Chicken Kyiv with Roasted Potatoes, Green Beans and Lemon Butter
Liberty Delight Farm Chicken Breast, stuffed with a Lemon
Herb Butter and Breaded, ready to be finished in the oven with Roasted
Potatoes and Green Beans.
 
Khrustyky – Fried Cookies dusted with powdered sugar and a honey drizzle.
 These are simple and delicious, and the honey comes from some
friends of ours in VA.
 

Make a Donation/Secure Your Delivery

(Donations without meal & delivery can be made for those outside the DMV but still wishing to give)

Razom=Together

Ukrainian medical team trying to save a child’s life.

This is a mighty group that you may not have read about. It was founded in 2014 as a result of the bloody and chaotic but ultimately successsful Maidan protests in Ukraine. In fact, one of Razom’s earliest projects was to deliver clothing, food, and protective gear to the protesters in the Maidan throughout the winter of 2014. Its 80-page legal report on the legal and human rights issues from the illegal annexation of Crimea is on numerous top law school reading lists.  In order to help families in Ukraine who have lost fathers in the face of the ongoing Donbas War, this group helps fund Lviv Education Foundation’s Big Brother program, which offers mentorship to kids whose families have been affected by the war in eastern Ukraine. Razom has initiated numerous IT symposiums and internships which help a very ambitious generation of Ukrainian citizens advance in the global tech sector. In 2017 their Co-Pilot Project funded medical equipment and a team of  US neurosurgeons  to Ukraine, where they conducted 40 major brain and spine operations across the country. Obviously now Razom is focused on the extremely difficult task of delivering medical and technical supplies to areas where the fight for independence is most critical.  This is where your donation for the Open Hand Ukrainian Dinner will help. Below is a brief description of how complex the delivery of medical and tech supplies is inside Ukraine.

Razom medical supplies arrive safely in Ukraine

Aid is packed into small vehicles allowing volunteer drivers to maneuver more nimbly. Coordination with civilian defense corps (the ultimate volunteer network in Ukraine today) via satellite phones, which offer the most reliable form of communication, strengthen our logistics chain on the ground in Ukraine. There’s also a verbal verification system in place that ensures volunteers know they’re putting the delivery in safe hands. When available, small civilian drones are another important tool for our volunteers to scope out safe passage routes and share valuable information in real time.

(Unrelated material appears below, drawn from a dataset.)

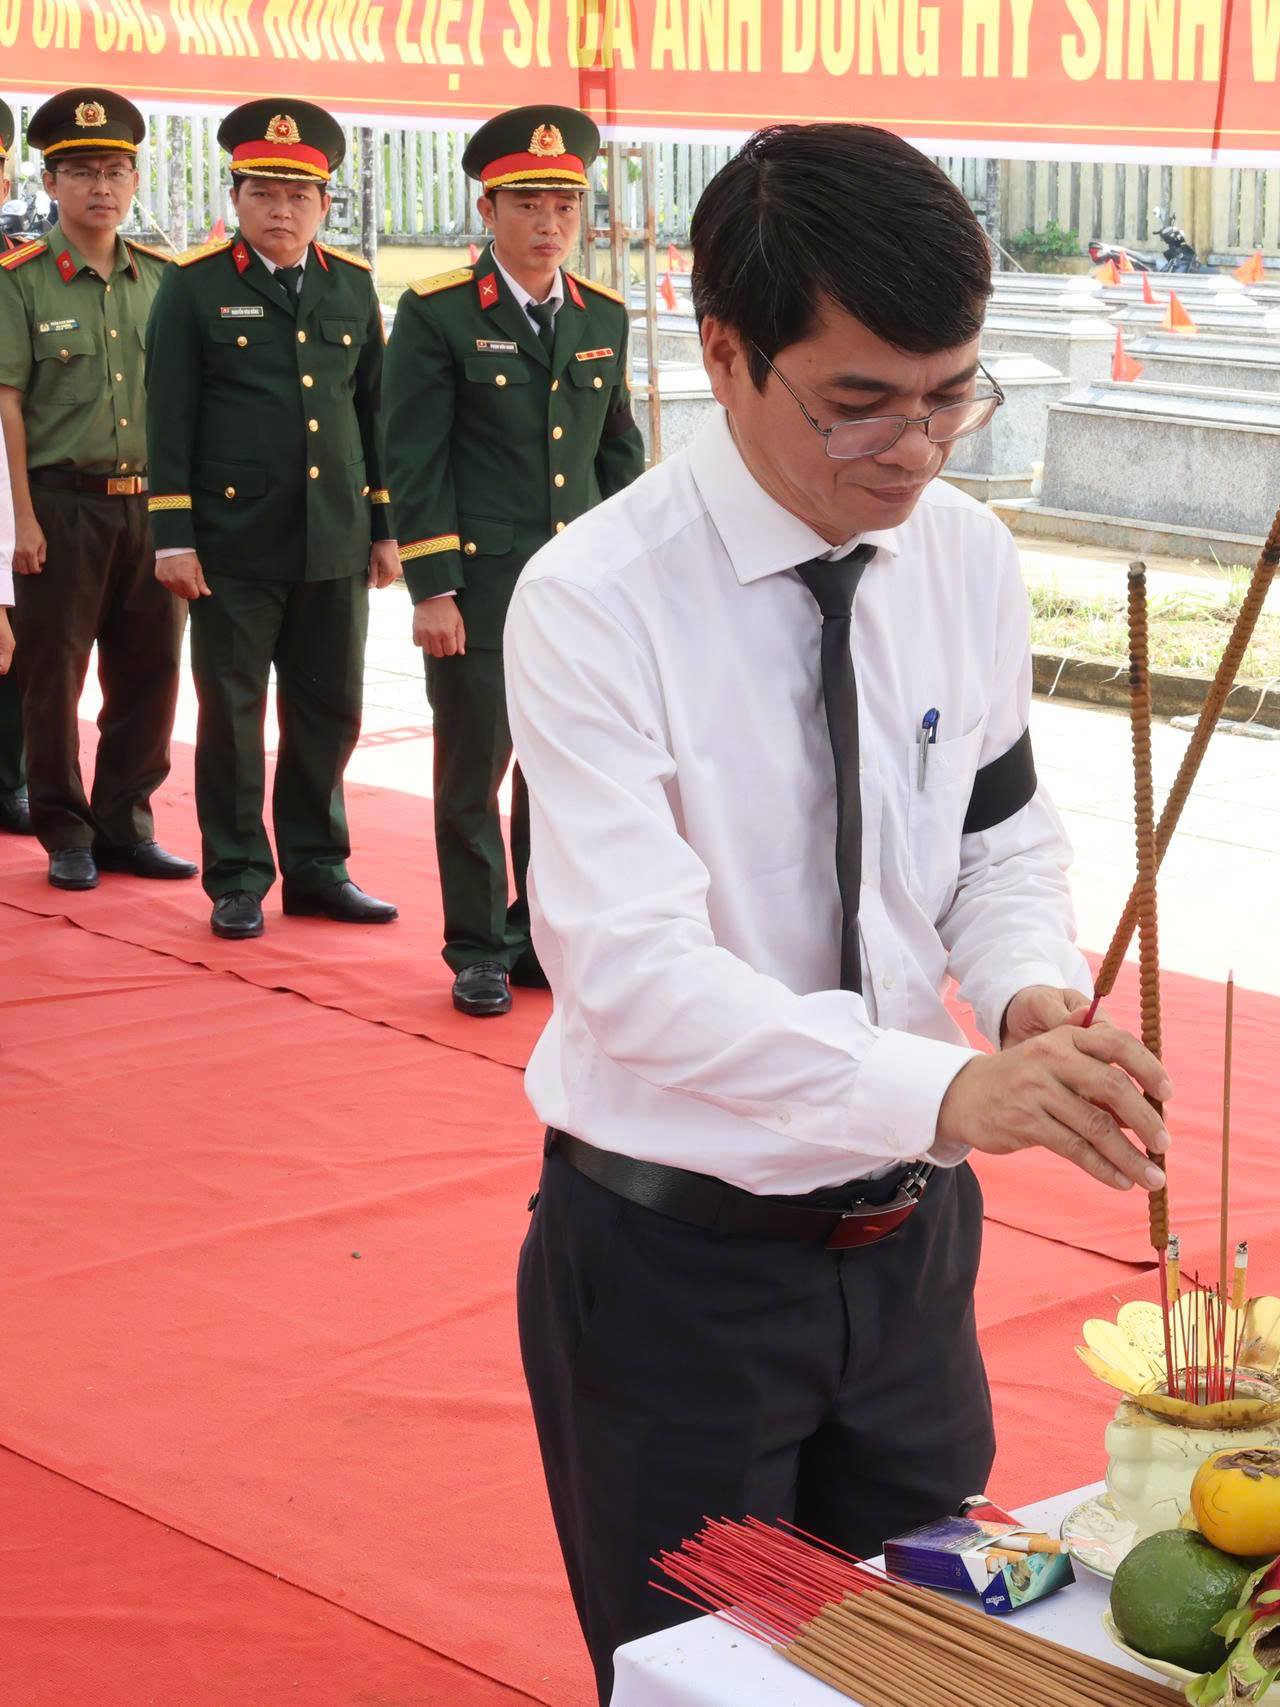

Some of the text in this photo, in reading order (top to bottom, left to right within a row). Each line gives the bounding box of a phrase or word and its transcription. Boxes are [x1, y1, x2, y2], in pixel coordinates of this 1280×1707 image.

[650, 0, 761, 72] ANH
[961, 0, 1035, 78] HY
[1060, 0, 1222, 81] SINH

These tech-enabled emergency response supplies have made a big impact on our volunteers’ ability to work effectively in executing the logistics chain in Ukraine. We are enormously grateful for the brave and trusted group of people who carry out this work.  

— Razom Fact Sheet on their logistics program for delivering aid in Ukraine.

 

Holodomor

Ukrainian children starving to death during Holodomor

This is not the first or even the second time that Ukraine has suffered horrific devastation at Russian hands. Most of us are familiar with the illegal annexation of Crimea, which had complicit help from the Russian puppet regime in 2014. And it is still considered part of Ukraine internationally. But the one that many of us don’t know about is the genocide of around  seven to eleven million Ukrainians between 1928 and 1933. Ukraine was a “socialist republic” in name only, as its government was controlled by the Kremlin. The collectivization of independent farms was initiated by the Russian government in 1928 under Stalin, who, with his cronies, dreamed up infamous Five Year Plans to reorganize agriculture and industries across the USSR.  Heavy industries that involved the production and accumulation of coal, steel, iron and oil were prioritized. Railways were built, steel mills erected and new sources for coal and oil were developed at great cost to the surrounding communities. As the population of industrial workers became enormous (many of them farmers who were forced off their land to work in these new industries) and had to be fed, Stalin appropriated by force farmlands where the remaining farming population would have to turn over most of their harvest to Stalin’s government, leaving them with almost nothing to eat. Thousands of protests occurred, many in the rich agricultural areas of the Ukraine. Thousands were imprisoned in gulags, dispossessed of their farms and and millions were exterminated by starvation. In the Ukraine, Stalin’s revenge was particularly brutal. Desperate families were forced to dig up roots with their bare hands to try to feed themselves. 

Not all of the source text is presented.